TASK: Every entry below should be printed exactly, without its images.

SOURCE INFORMATION:

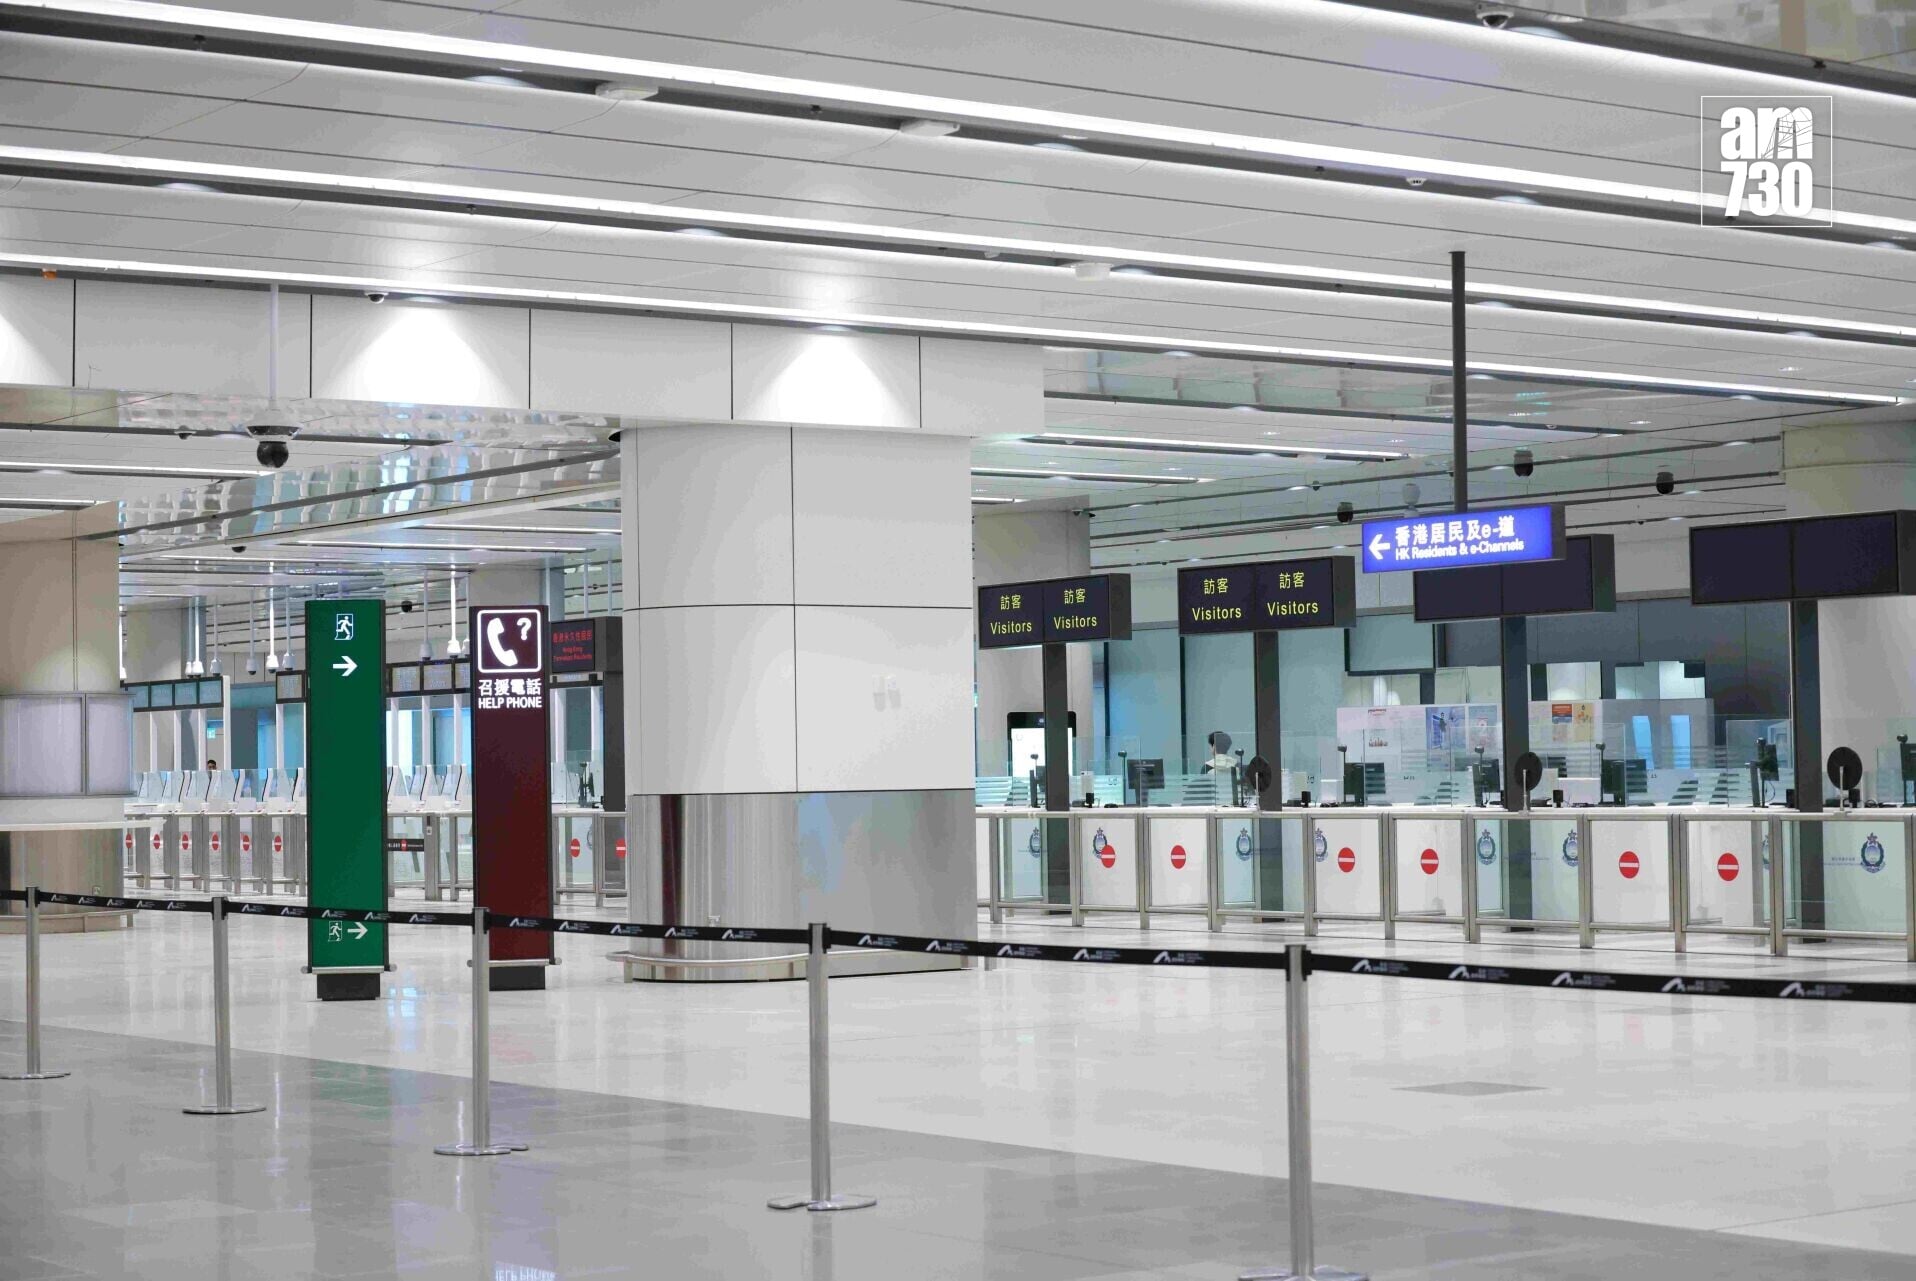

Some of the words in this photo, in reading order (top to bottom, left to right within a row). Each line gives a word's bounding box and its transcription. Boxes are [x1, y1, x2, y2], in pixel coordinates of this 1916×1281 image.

[1395, 515, 1515, 547] 香港居民及e-道
[1395, 547, 1410, 560] HK
[1411, 544, 1457, 559] Residents
[1459, 542, 1469, 554] &
[1470, 538, 1525, 555] e-Channels
[1203, 578, 1229, 595] 訪客
[1279, 571, 1305, 589] 訪客
[1000, 594, 1022, 610] 訪客
[1063, 588, 1086, 604] 訪客
[1192, 606, 1242, 621] Visitors
[1267, 601, 1319, 616] Visitors
[990, 621, 1033, 635] Visitors
[1053, 615, 1098, 630] Visitors
[478, 678, 542, 696] 召援電話
[478, 697, 504, 709] HELP
[506, 696, 542, 708] PHONE

PROBLEM SOLUTION:
Some of the words in this photo, in reading order (top to bottom, left to right within a row). Each line gives a word's bounding box and its transcription. Boxes are [x1, y1, x2, y2], in pixel coordinates of this 1916×1281 image.

[1395, 515, 1515, 547] 香港居民及e-道
[1395, 547, 1410, 560] HK
[1411, 544, 1457, 559] Residents
[1459, 542, 1469, 554] &
[1470, 538, 1525, 555] e-Channels
[1203, 578, 1229, 595] 訪客
[1279, 571, 1305, 589] 訪客
[1000, 594, 1022, 610] 訪客
[1063, 588, 1086, 604] 訪客
[1192, 606, 1242, 621] Visitors
[1267, 601, 1319, 616] Visitors
[990, 621, 1033, 635] Visitors
[1053, 615, 1098, 630] Visitors
[478, 678, 542, 696] 召援電話
[478, 697, 504, 709] HELP
[506, 696, 542, 708] PHONE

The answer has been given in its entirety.